§ **Aim of the exercise**
Each record below gets repeated exactly, and pictures stay out of the copy.

§ **Input**
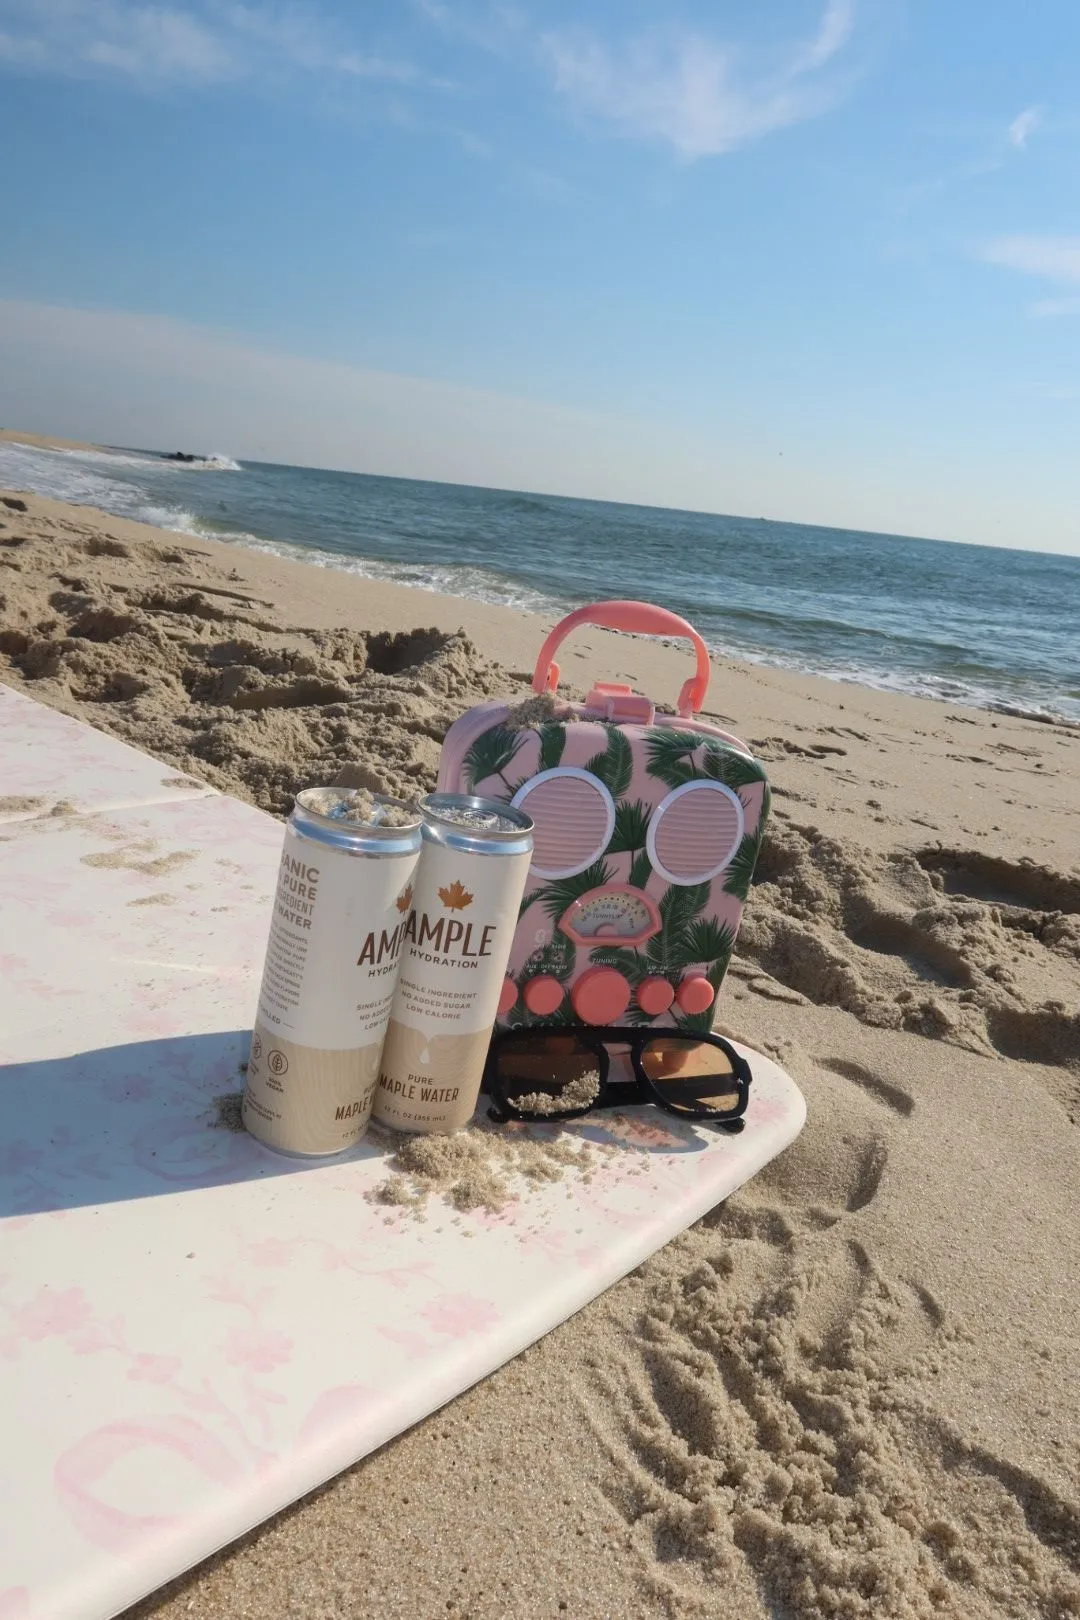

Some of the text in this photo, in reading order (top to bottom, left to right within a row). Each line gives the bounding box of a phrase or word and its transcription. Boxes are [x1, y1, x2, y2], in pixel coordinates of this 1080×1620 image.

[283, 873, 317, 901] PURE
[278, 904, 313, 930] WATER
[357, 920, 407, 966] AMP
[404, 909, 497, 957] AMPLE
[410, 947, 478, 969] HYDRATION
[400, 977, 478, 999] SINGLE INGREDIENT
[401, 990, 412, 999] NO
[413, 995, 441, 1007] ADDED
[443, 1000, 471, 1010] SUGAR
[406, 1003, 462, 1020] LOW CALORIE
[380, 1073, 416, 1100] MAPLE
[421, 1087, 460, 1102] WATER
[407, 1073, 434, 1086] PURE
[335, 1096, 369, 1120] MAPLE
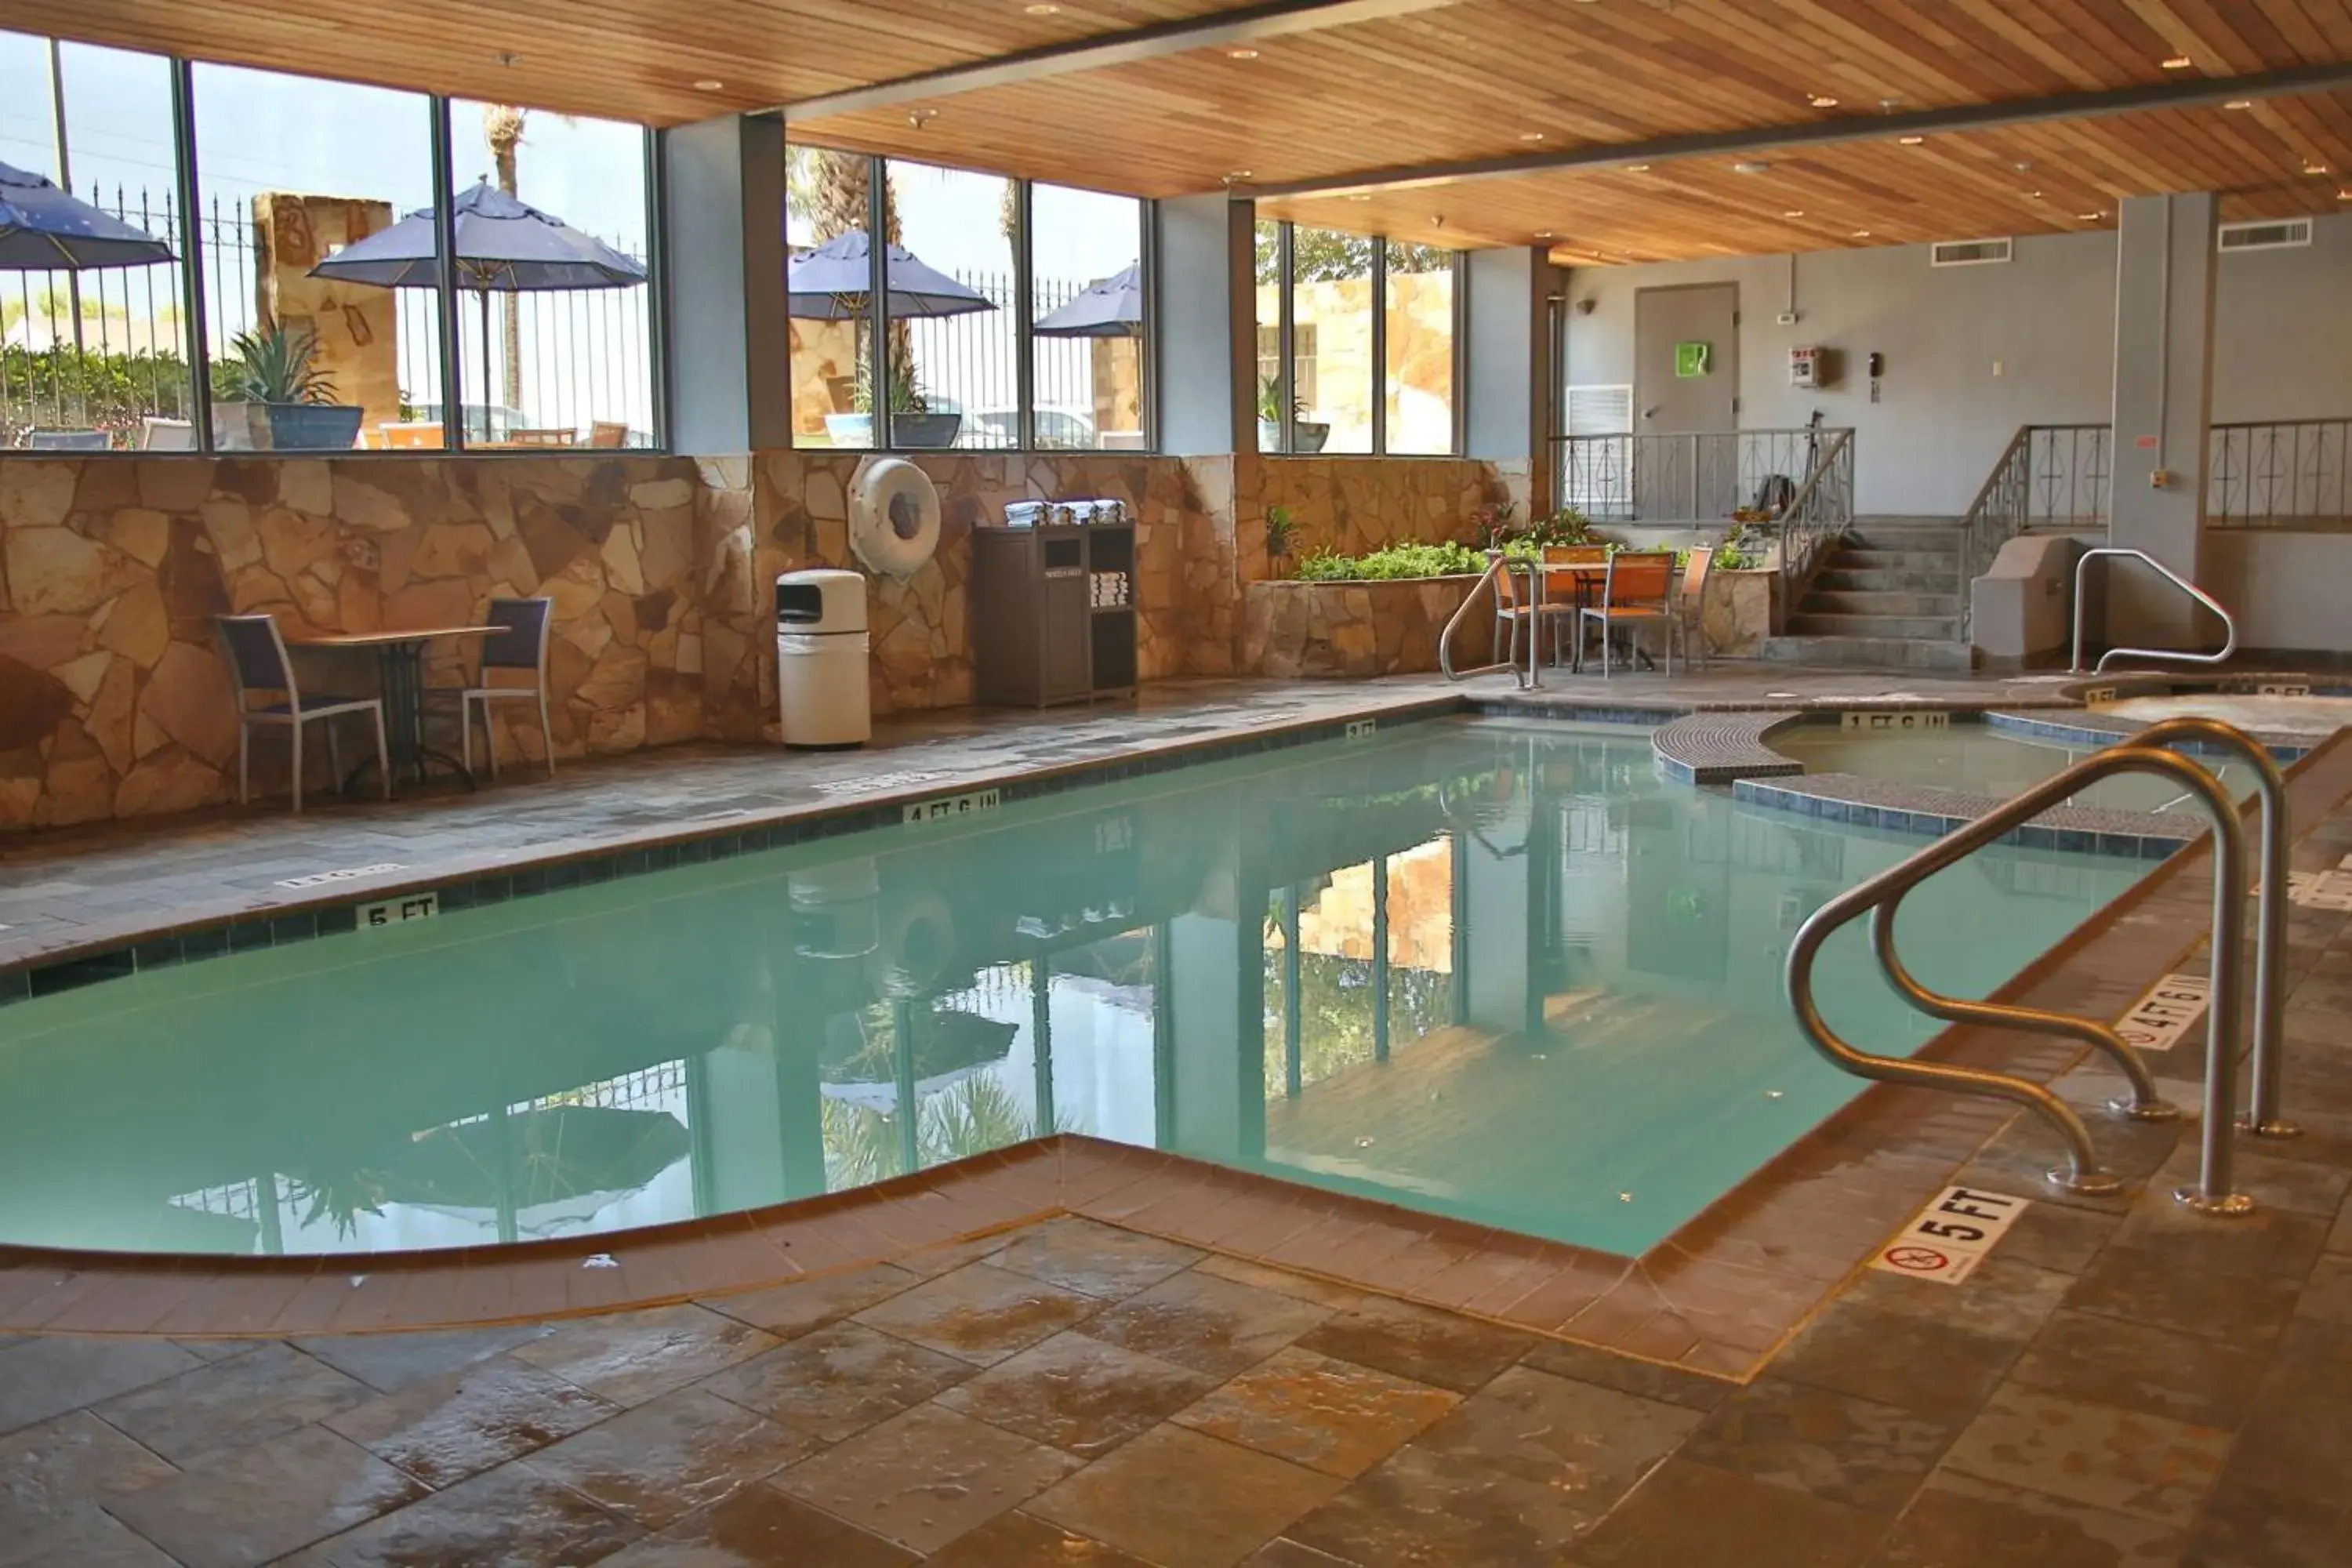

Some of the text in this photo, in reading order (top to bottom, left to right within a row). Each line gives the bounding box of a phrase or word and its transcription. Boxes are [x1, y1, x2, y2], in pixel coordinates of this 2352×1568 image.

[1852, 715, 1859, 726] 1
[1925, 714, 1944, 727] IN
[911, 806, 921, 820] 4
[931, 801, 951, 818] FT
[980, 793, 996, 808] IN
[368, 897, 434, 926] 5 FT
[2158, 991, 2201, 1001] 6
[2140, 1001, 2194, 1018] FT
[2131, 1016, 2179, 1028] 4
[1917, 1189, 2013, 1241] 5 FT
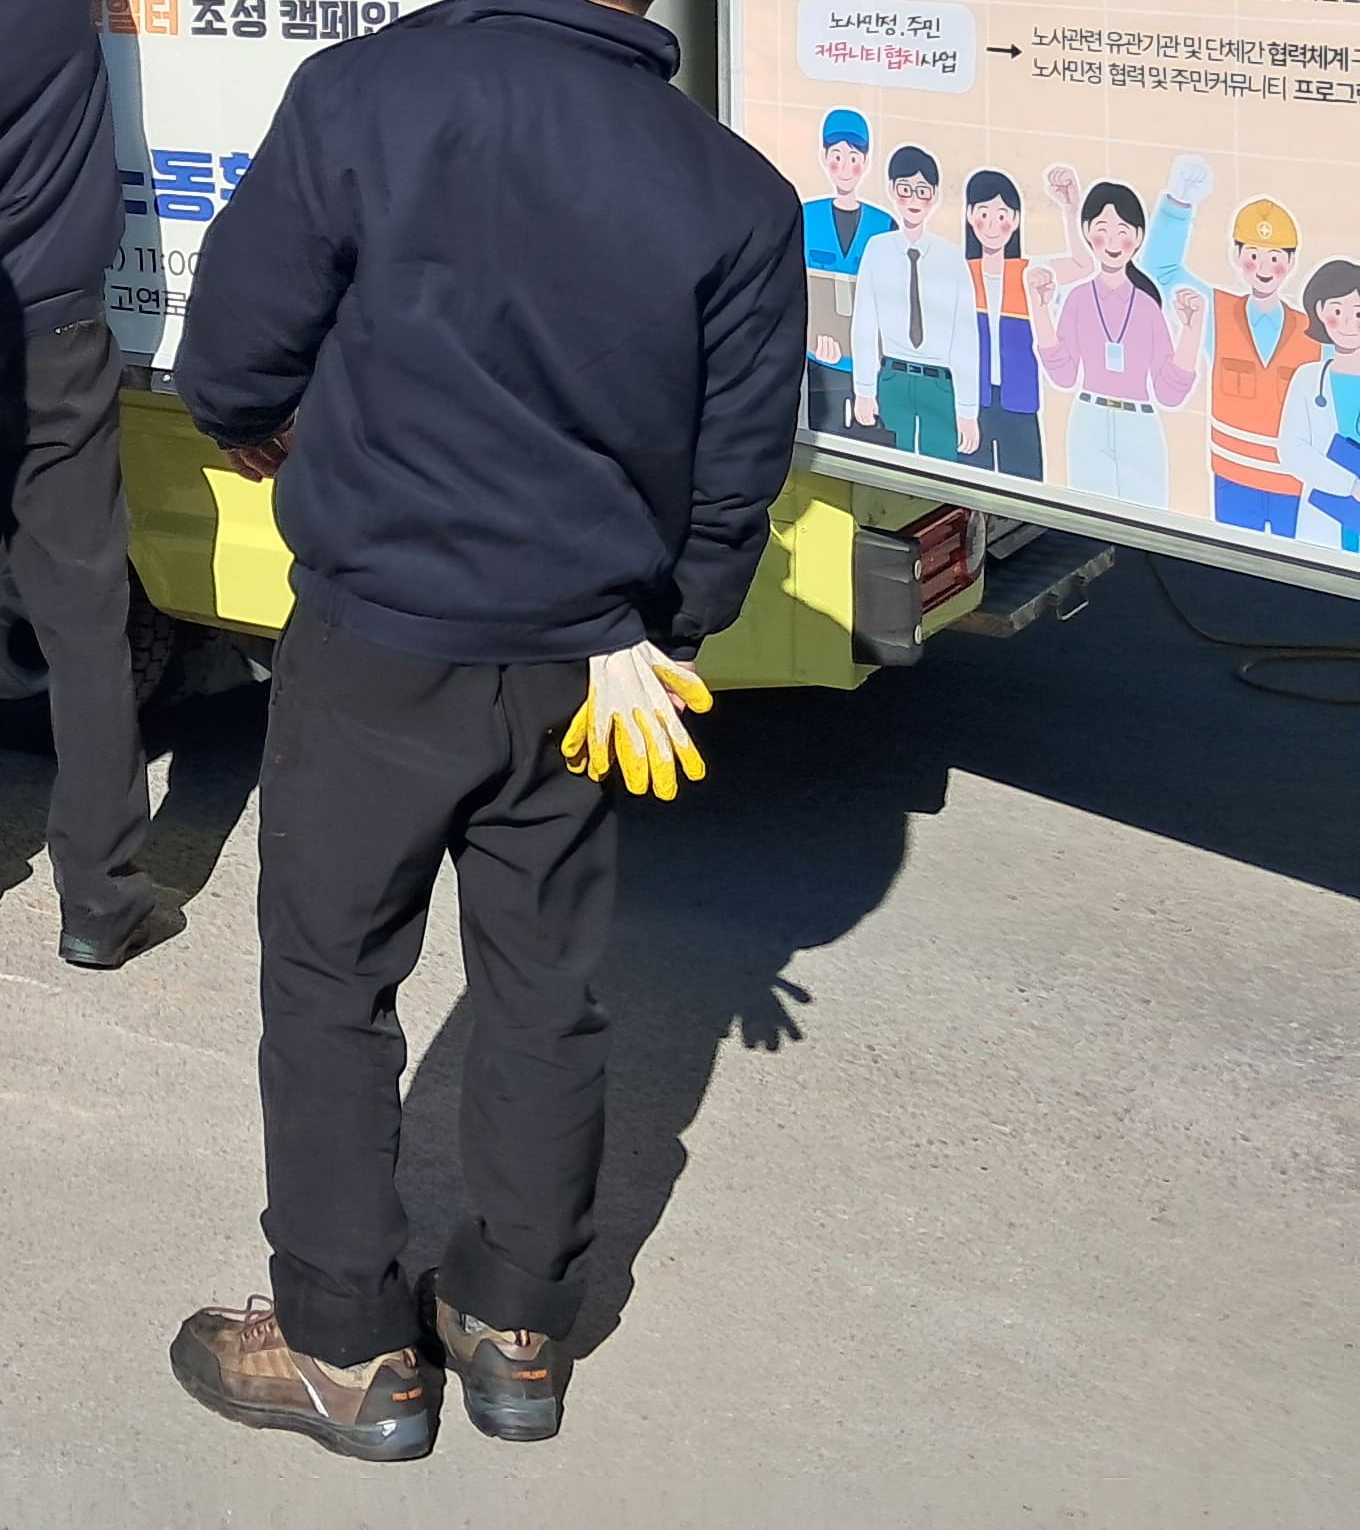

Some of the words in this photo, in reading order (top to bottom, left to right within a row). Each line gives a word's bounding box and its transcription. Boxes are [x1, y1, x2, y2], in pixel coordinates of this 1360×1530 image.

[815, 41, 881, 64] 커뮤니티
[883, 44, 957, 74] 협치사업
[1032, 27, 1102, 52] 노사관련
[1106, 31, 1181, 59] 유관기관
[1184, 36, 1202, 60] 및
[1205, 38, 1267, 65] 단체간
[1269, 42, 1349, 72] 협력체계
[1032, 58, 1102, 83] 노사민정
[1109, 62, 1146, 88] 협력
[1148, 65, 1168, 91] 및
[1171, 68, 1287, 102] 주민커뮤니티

§ **Response to the task**
Some of the text in this photo, in reading order (top to bottom, left to right within a row). Each line gives the bounding box of a phrase or word and its transcription. Boxes are [x1, y1, x2, y2], in pixel coordinates of this 1080×1620 image.

[283, 873, 317, 901] PURE
[278, 904, 313, 930] WATER
[357, 920, 407, 966] AMP
[404, 909, 497, 957] AMPLE
[410, 947, 478, 969] HYDRATION
[400, 977, 478, 999] SINGLE INGREDIENT
[401, 990, 412, 999] NO
[413, 995, 441, 1007] ADDED
[443, 1000, 471, 1010] SUGAR
[406, 1003, 462, 1020] LOW CALORIE
[380, 1073, 416, 1100] MAPLE
[421, 1087, 460, 1102] WATER
[407, 1073, 434, 1086] PURE
[335, 1096, 369, 1120] MAPLE

Some of the text in this photo, in reading order (top to bottom, left to right within a row). Each line gives the bounding box of a phrase or word and its transcription. Boxes are [x1, y1, x2, y2], in pixel coordinates of this 2352×1568 image.

[1852, 715, 1859, 726] 1
[1925, 714, 1944, 727] IN
[911, 806, 921, 820] 4
[931, 801, 951, 818] FT
[980, 793, 996, 808] IN
[368, 897, 434, 926] 5 FT
[2158, 991, 2201, 1001] 6
[2140, 1001, 2194, 1018] FT
[2131, 1016, 2179, 1028] 4
[1917, 1189, 2013, 1241] 5 FT

Some of the words in this photo, in reading order (top to bottom, left to right within a row). Each line gives a word's bounding box and its transcription. Boxes are [x1, y1, x2, y2], in pixel coordinates of this 1360×1530 image.

[815, 41, 881, 64] 커뮤니티
[883, 44, 957, 74] 협치사업
[1032, 27, 1102, 52] 노사관련
[1106, 31, 1181, 59] 유관기관
[1184, 36, 1202, 60] 및
[1205, 38, 1267, 65] 단체간
[1269, 42, 1349, 72] 협력체계
[1032, 58, 1102, 83] 노사민정
[1109, 62, 1146, 88] 협력
[1148, 65, 1168, 91] 및
[1171, 68, 1287, 102] 주민커뮤니티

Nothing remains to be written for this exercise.